* Exercise description:
Could you give the entries back exactly as they stand, minus any pictures?

══════════════════════════════

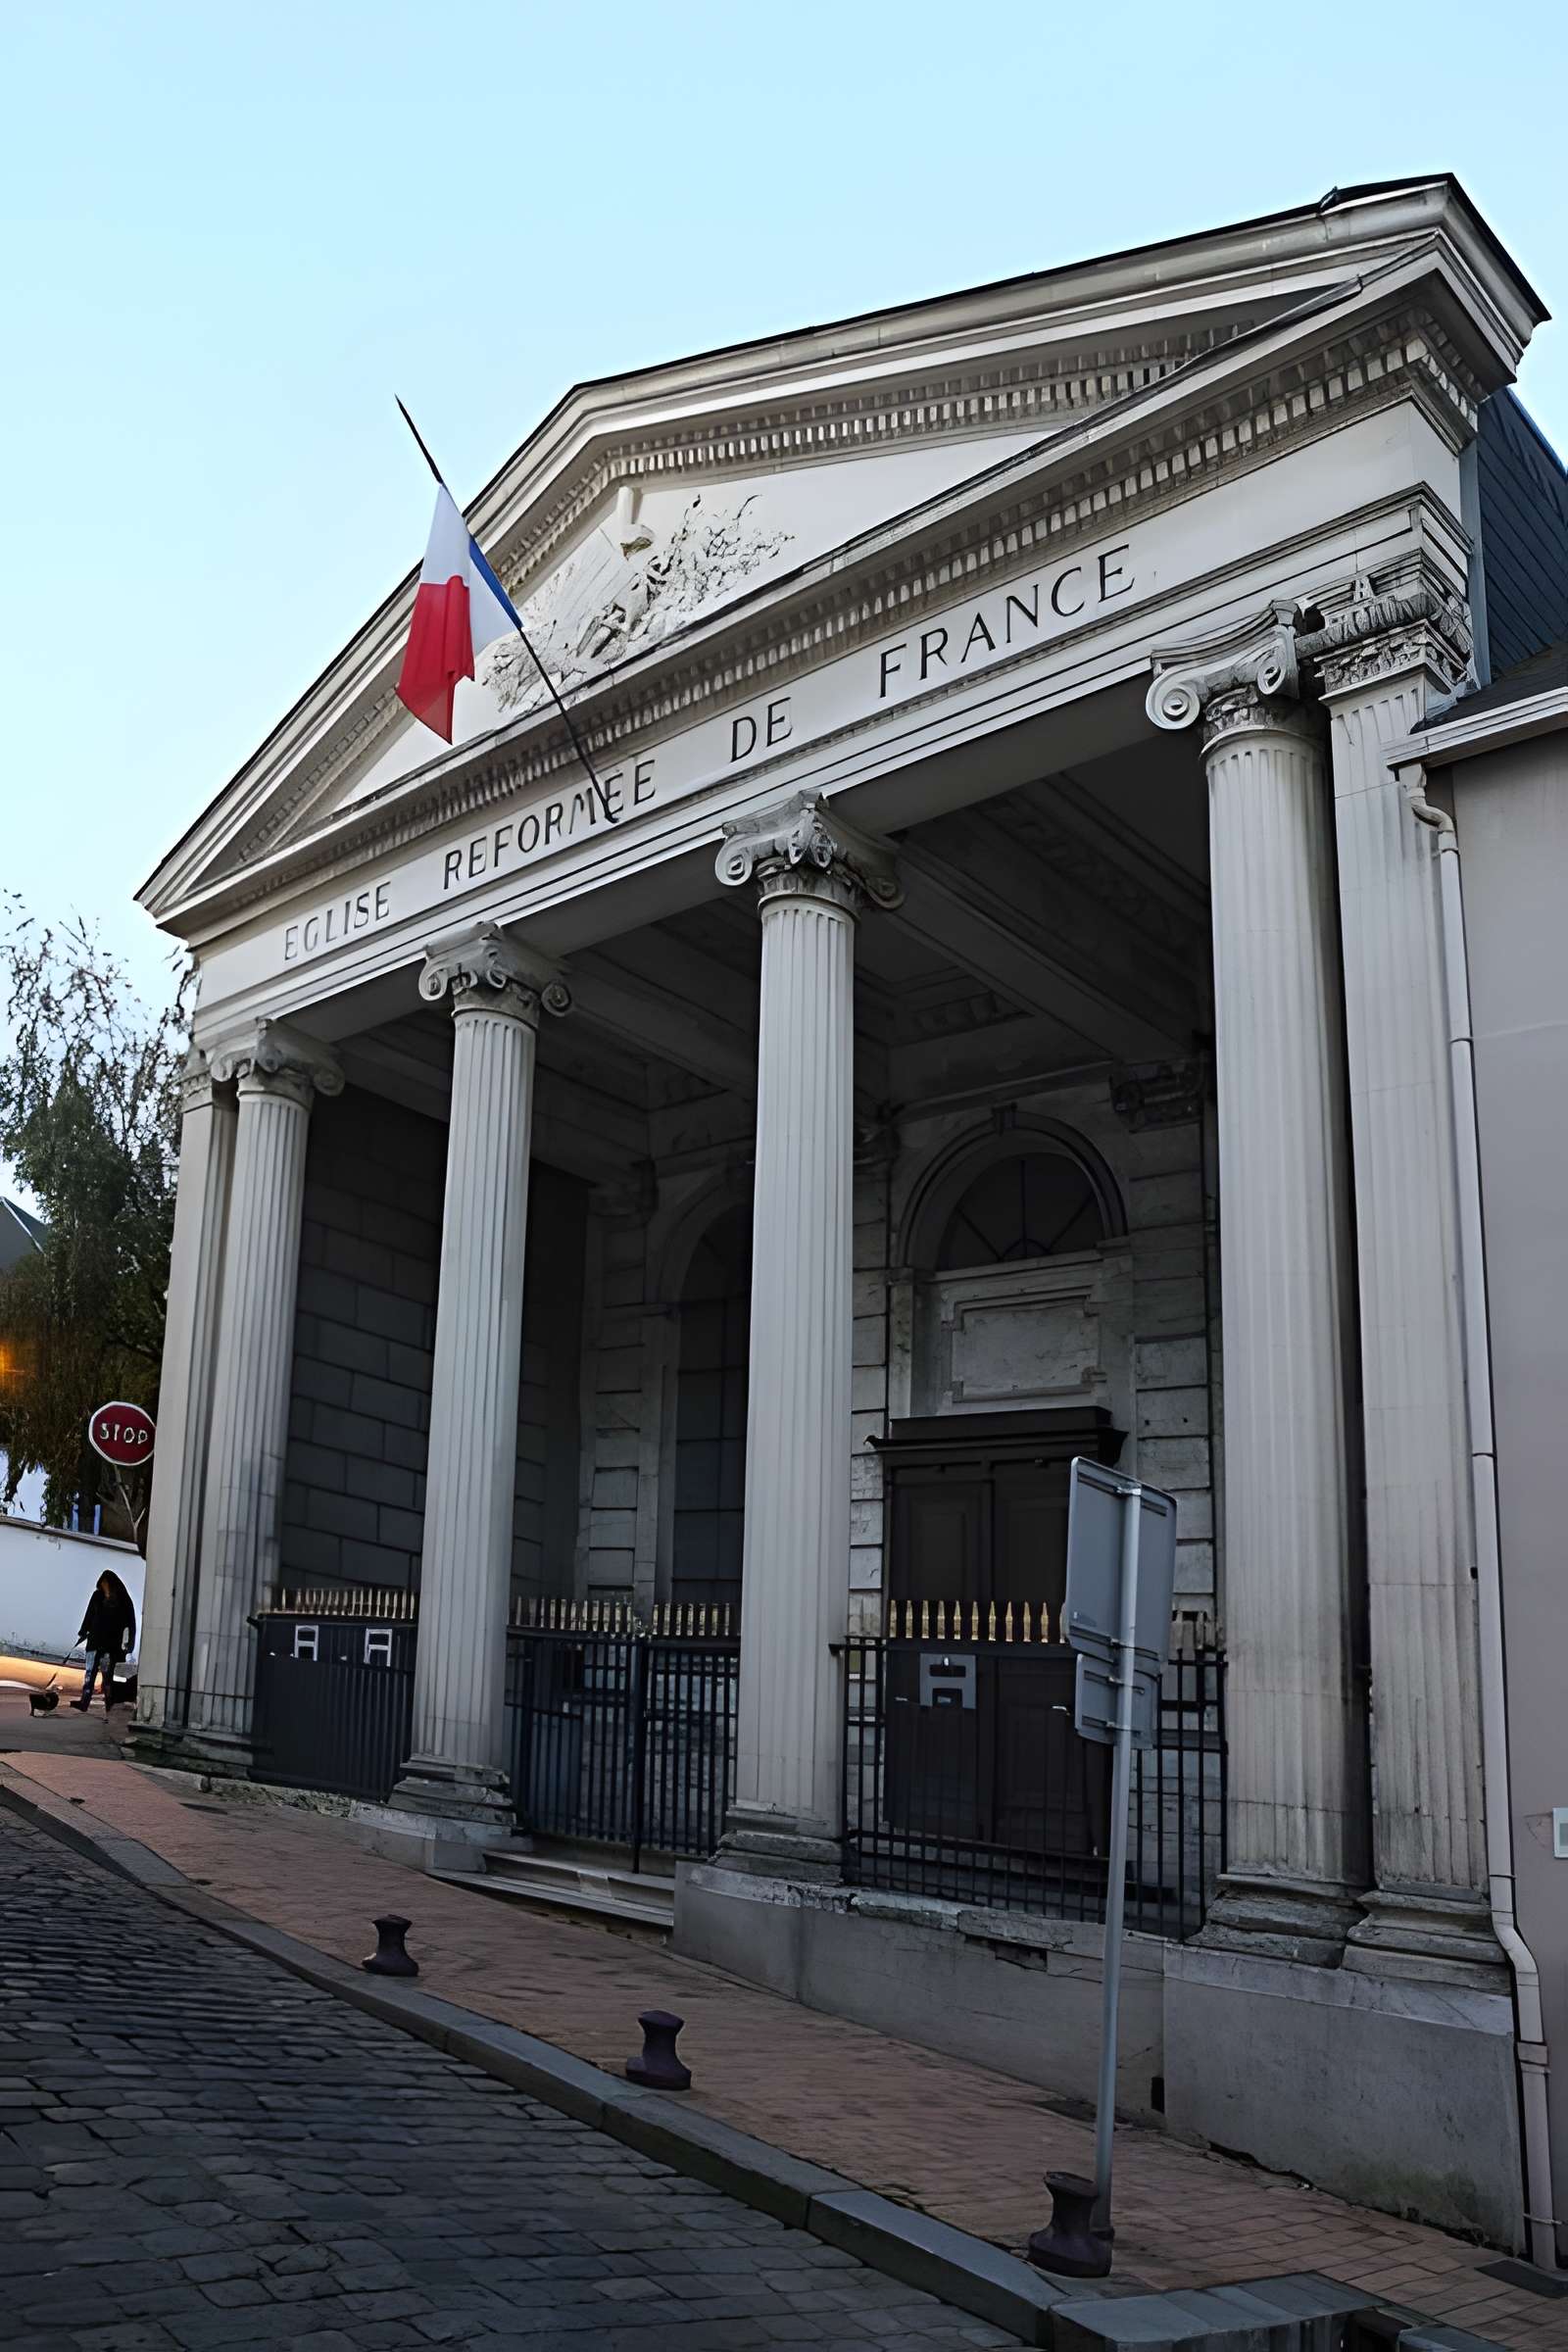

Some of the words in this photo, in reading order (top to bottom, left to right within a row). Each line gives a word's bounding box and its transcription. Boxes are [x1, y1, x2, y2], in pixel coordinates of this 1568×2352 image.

[284, 881, 391, 960] EGLISE
[730, 697, 792, 762] DE
[880, 544, 1135, 698] FRANCE
[100, 1422, 148, 1445] STOP
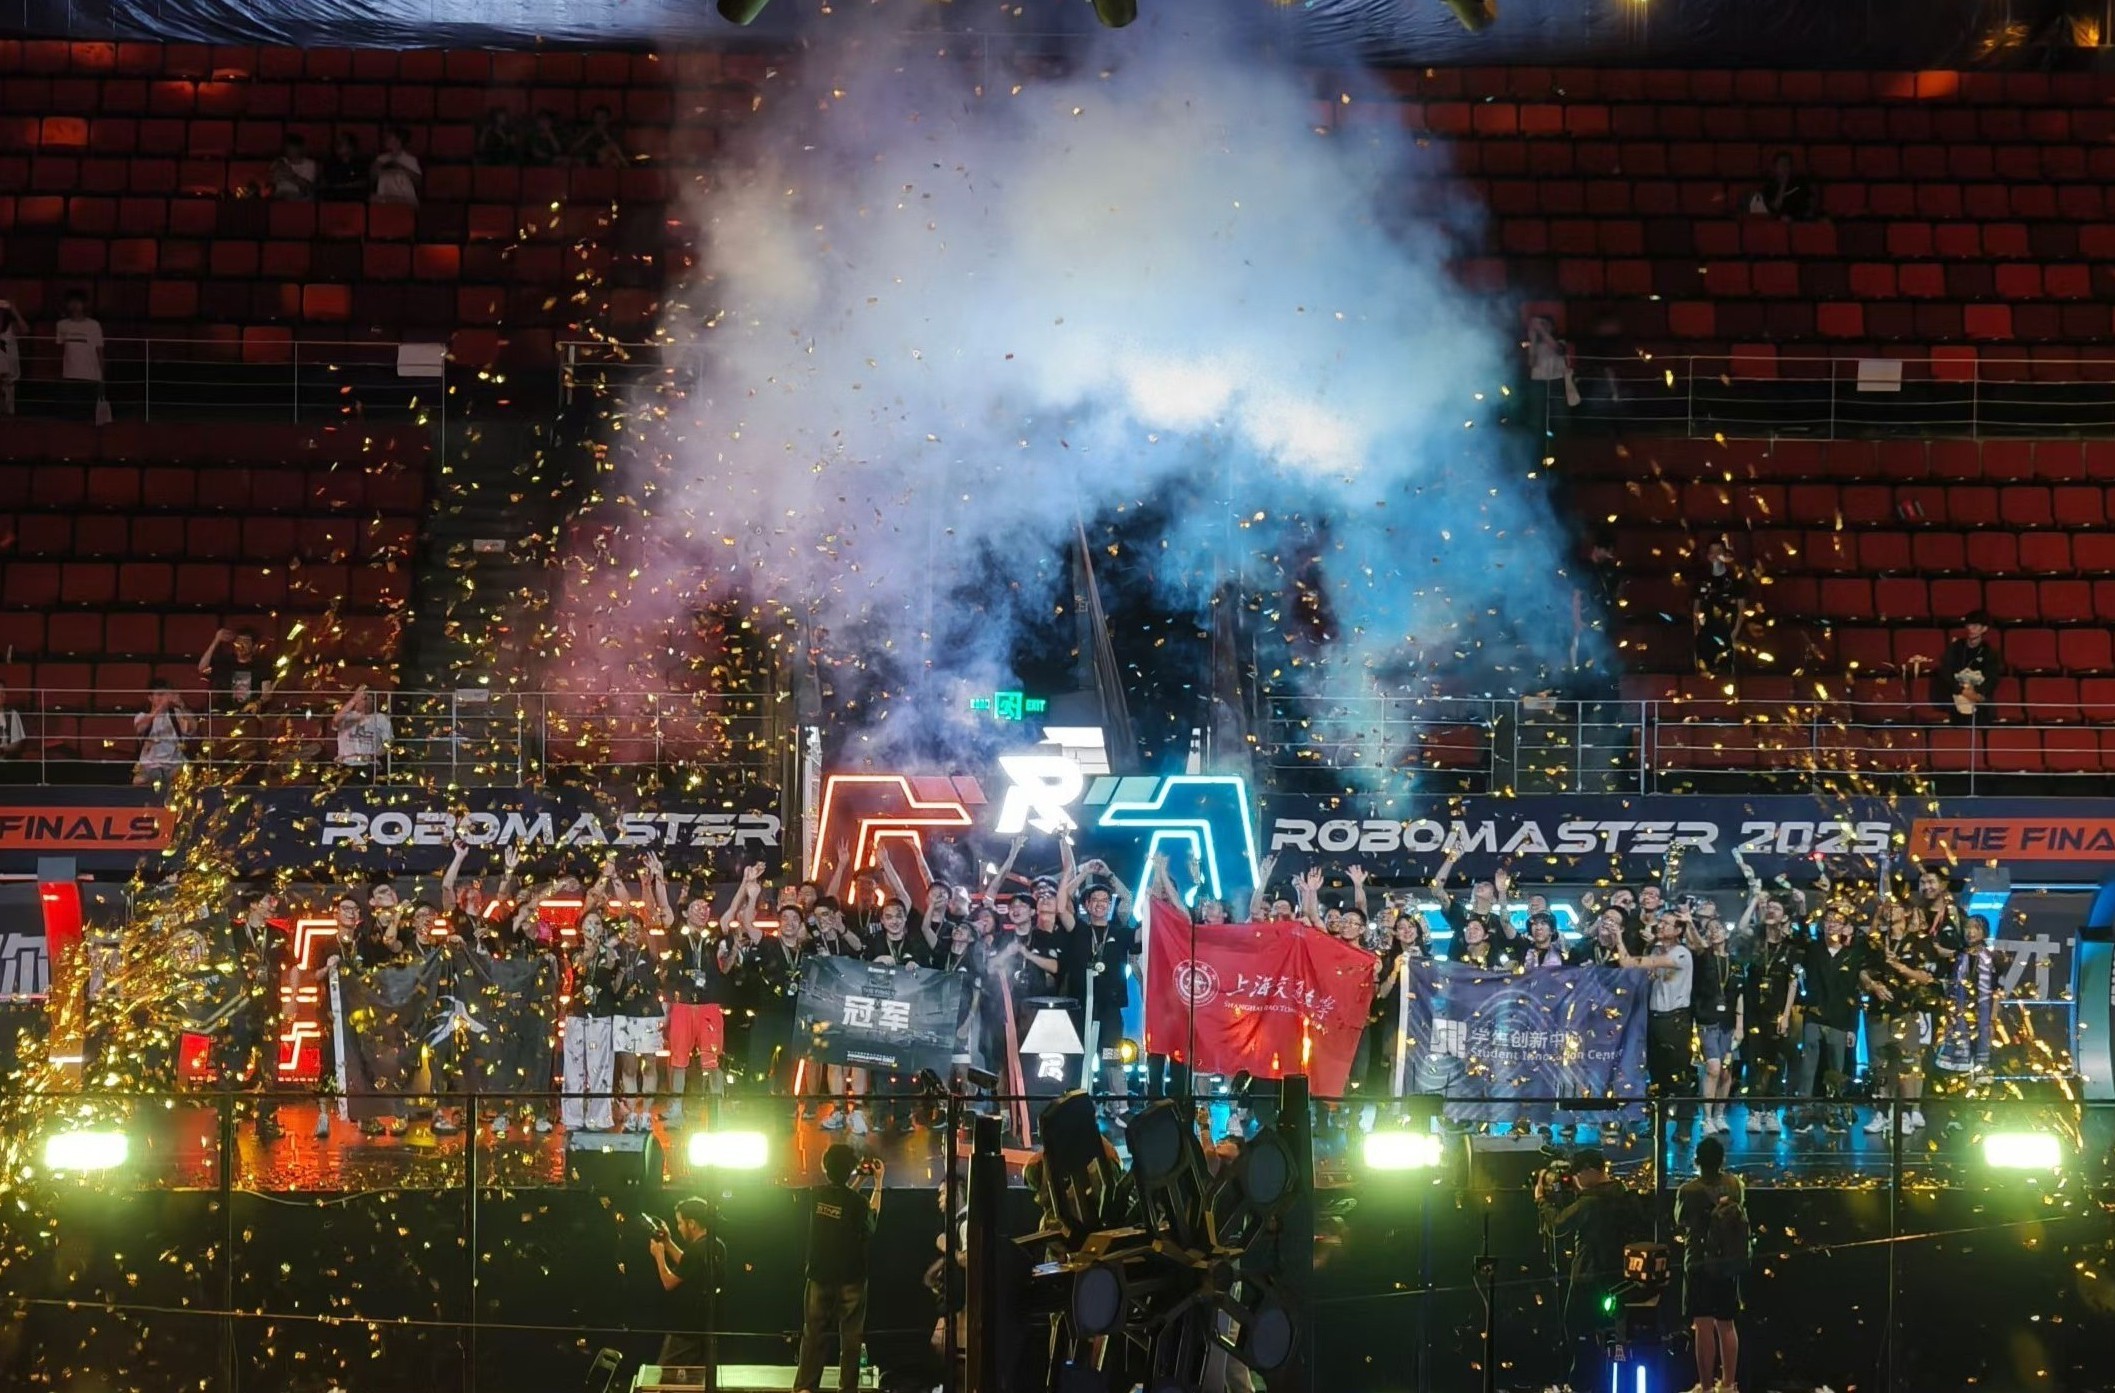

══════════════════════════════

* Response area:
Some of the words in this photo, in reading order (top to bottom, left to right within a row). Each line gives a word's bounding box and its transcription. Boxes are [x1, y1, x2, y2], in pixel coordinates of this 1568×2352 image.

[284, 881, 391, 960] EGLISE
[730, 697, 792, 762] DE
[880, 544, 1135, 698] FRANCE
[100, 1422, 148, 1445] STOP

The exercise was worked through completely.